--- DATASET RECORDS ---

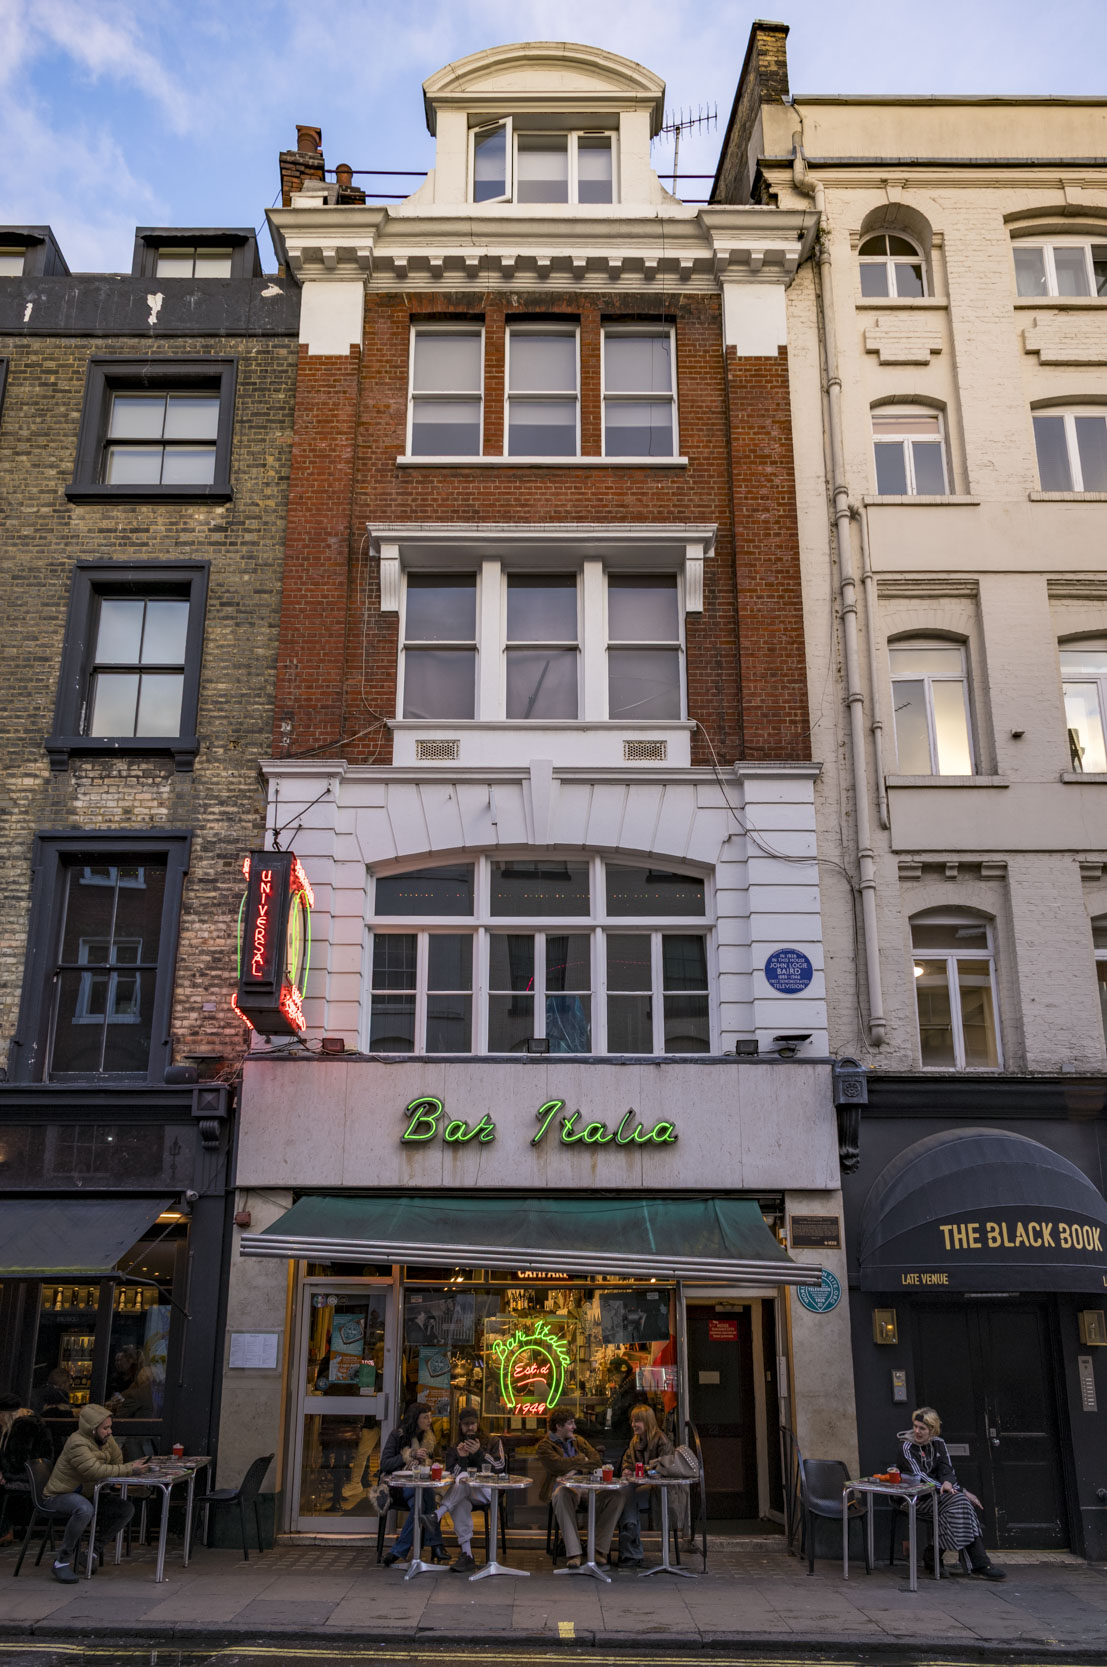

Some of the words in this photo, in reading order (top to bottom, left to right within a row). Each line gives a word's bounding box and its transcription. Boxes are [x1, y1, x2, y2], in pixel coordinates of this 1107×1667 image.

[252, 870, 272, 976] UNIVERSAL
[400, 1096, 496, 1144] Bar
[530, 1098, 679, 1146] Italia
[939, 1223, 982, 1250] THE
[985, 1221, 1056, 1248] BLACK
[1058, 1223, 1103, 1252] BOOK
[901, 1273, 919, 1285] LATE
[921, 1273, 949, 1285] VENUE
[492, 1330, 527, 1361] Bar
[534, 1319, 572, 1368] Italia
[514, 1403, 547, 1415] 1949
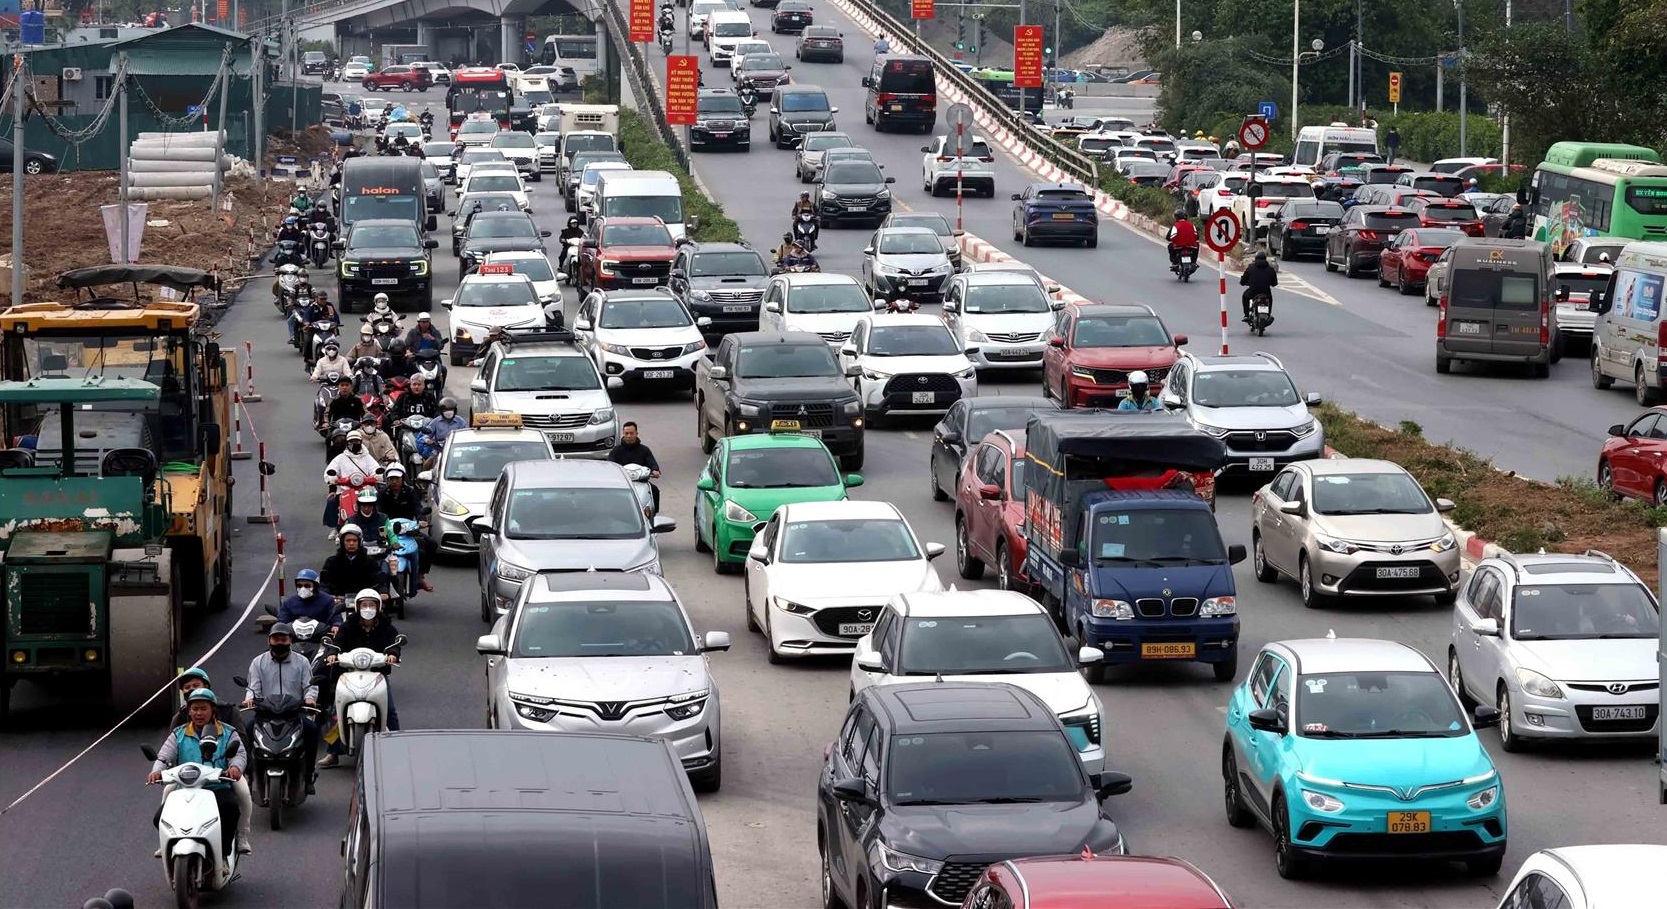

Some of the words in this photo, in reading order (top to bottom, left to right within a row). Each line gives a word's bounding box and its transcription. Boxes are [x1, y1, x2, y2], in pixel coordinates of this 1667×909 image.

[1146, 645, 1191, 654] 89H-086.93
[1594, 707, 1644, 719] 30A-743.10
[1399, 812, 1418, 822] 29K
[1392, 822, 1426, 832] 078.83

---

▸ **PROBLEM REQUIREMENTS**
Could you transcribe all of the data exactly and omit the pictures?

▸ **TASK RESPONSE**
Some of the words in this photo, in reading order (top to bottom, left to right within a row). Each line gives a word's bounding box and its transcription. Boxes are [x1, y1, x2, y2], in pixel coordinates of this 1107×1667 image.

[252, 870, 272, 976] UNIVERSAL
[400, 1096, 496, 1144] Bar
[530, 1098, 679, 1146] Italia
[939, 1223, 982, 1250] THE
[985, 1221, 1056, 1248] BLACK
[1058, 1223, 1103, 1252] BOOK
[901, 1273, 919, 1285] LATE
[921, 1273, 949, 1285] VENUE
[492, 1330, 527, 1361] Bar
[534, 1319, 572, 1368] Italia
[514, 1403, 547, 1415] 1949

Some of the words in this photo, in reading order (top to bottom, left to right within a row). Each line gives a word's bounding box and its transcription. Boxes are [x1, y1, x2, y2], in pixel coordinates of this 1667×909 image.

[1146, 645, 1191, 654] 89H-086.93
[1594, 707, 1644, 719] 30A-743.10
[1399, 812, 1418, 822] 29K
[1392, 822, 1426, 832] 078.83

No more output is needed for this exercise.